▸ Work to complete
Below are records to repeat exactly; do not include any pictures.

▸ Provided entries
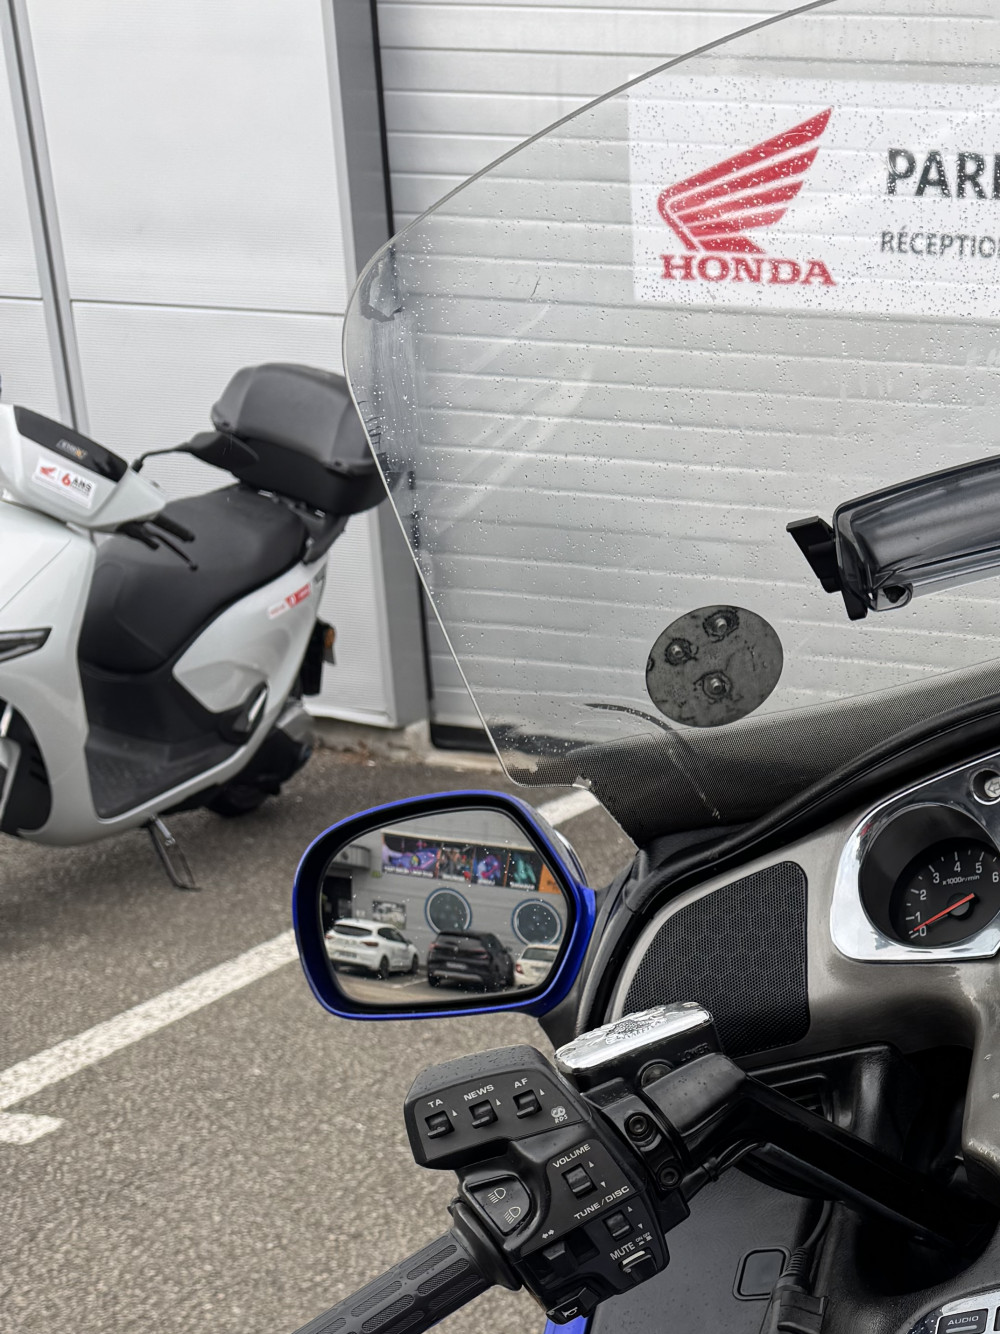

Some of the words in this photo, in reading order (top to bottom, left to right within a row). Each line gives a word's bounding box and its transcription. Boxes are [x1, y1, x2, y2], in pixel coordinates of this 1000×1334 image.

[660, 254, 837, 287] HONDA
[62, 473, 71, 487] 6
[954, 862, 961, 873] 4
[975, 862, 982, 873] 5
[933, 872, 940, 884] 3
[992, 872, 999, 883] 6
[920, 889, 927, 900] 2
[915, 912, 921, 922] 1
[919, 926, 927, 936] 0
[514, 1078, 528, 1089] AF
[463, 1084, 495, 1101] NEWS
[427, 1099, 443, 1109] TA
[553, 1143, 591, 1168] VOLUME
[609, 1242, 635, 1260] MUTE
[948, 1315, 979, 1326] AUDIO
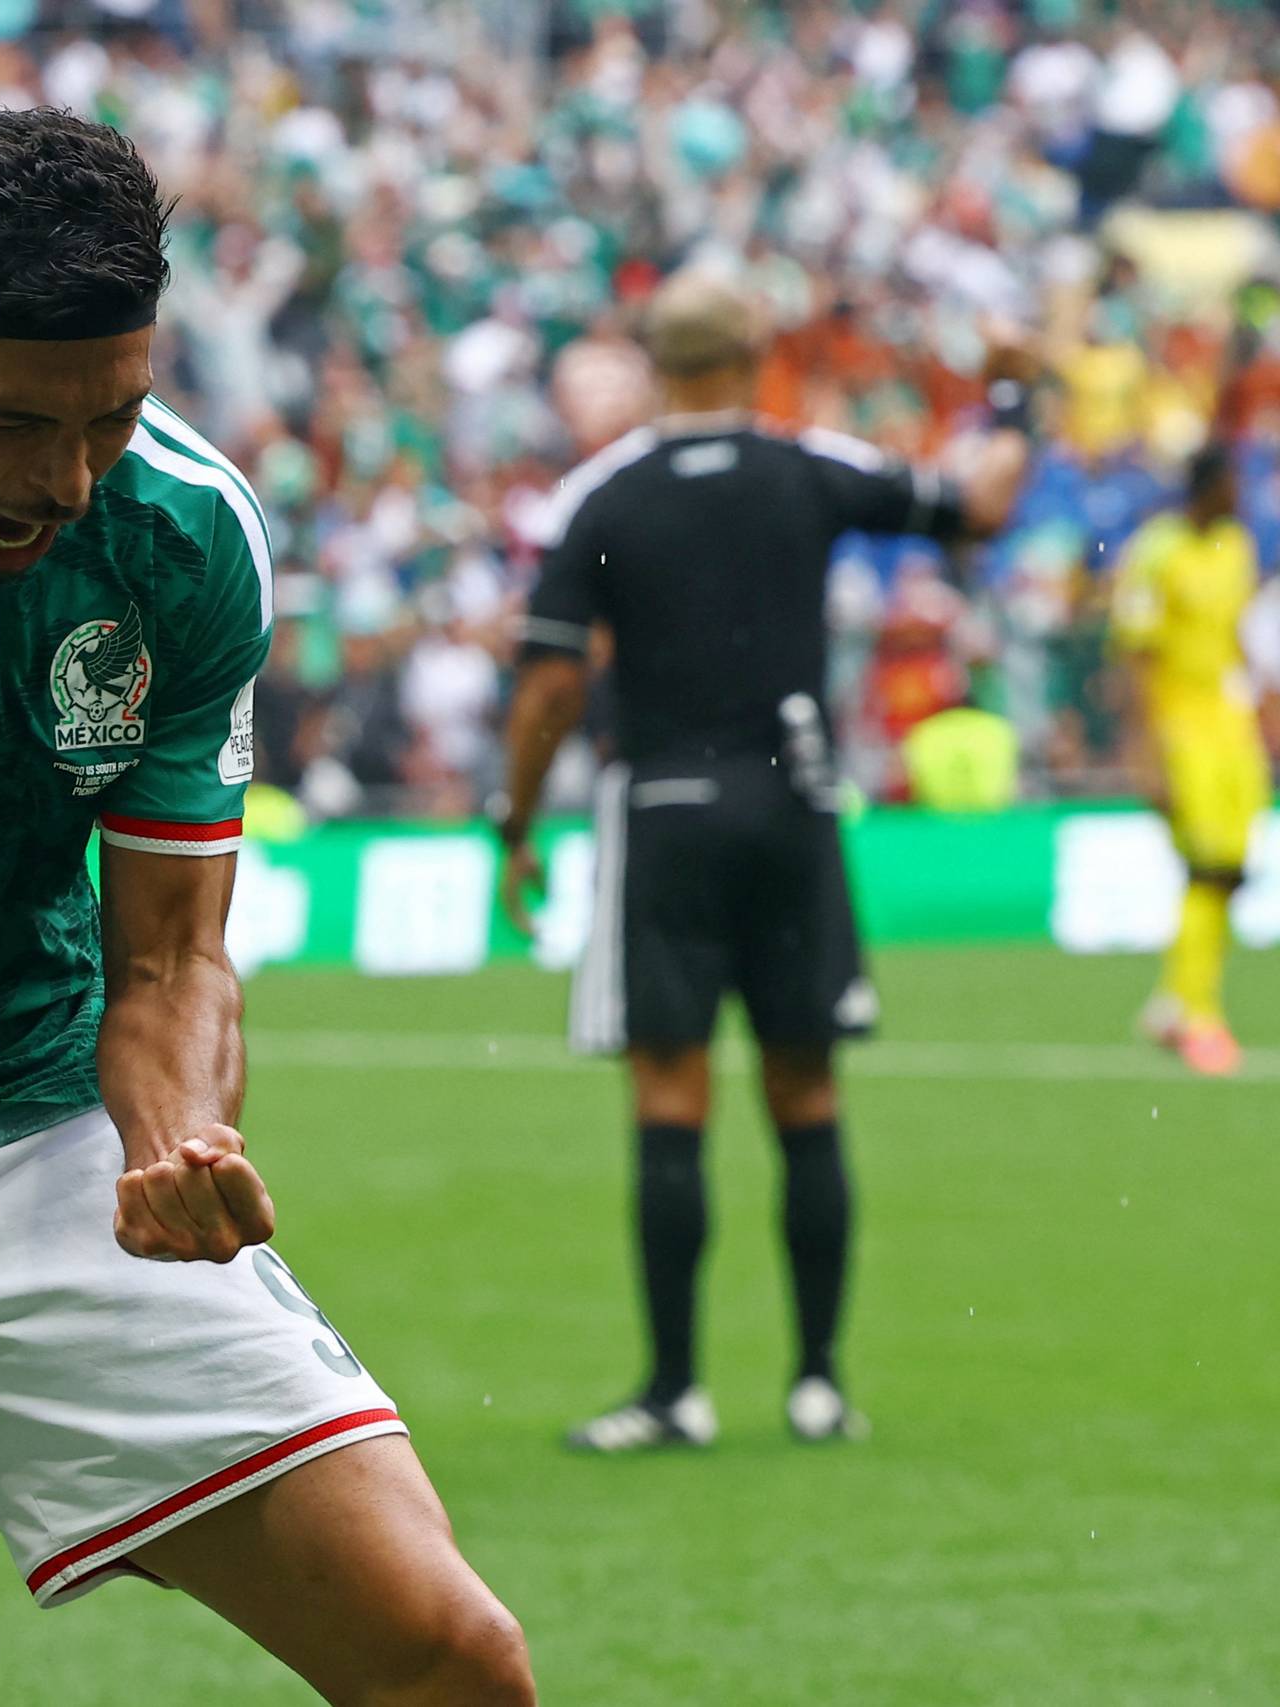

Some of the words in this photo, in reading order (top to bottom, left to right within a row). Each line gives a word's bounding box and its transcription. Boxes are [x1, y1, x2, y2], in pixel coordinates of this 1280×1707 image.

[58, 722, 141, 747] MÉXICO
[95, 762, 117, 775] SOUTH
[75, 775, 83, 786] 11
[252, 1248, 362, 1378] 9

▸ Exercise solution
Some of the words in this photo, in reading order (top to bottom, left to right within a row). Each line gives a word's bounding box and its transcription. Boxes are [x1, y1, x2, y2], in pixel coordinates of this 1000×1334 image.

[660, 254, 837, 287] HONDA
[62, 473, 71, 487] 6
[954, 862, 961, 873] 4
[975, 862, 982, 873] 5
[933, 872, 940, 884] 3
[992, 872, 999, 883] 6
[920, 889, 927, 900] 2
[915, 912, 921, 922] 1
[919, 926, 927, 936] 0
[514, 1078, 528, 1089] AF
[463, 1084, 495, 1101] NEWS
[427, 1099, 443, 1109] TA
[553, 1143, 591, 1168] VOLUME
[609, 1242, 635, 1260] MUTE
[948, 1315, 979, 1326] AUDIO

Some of the words in this photo, in reading order (top to bottom, left to right within a row). Each line gives a word's bounding box and its transcription. Boxes are [x1, y1, x2, y2], in pixel coordinates of this 1280×1707 image.

[58, 722, 141, 747] MÉXICO
[95, 762, 117, 775] SOUTH
[75, 775, 83, 786] 11
[252, 1248, 362, 1378] 9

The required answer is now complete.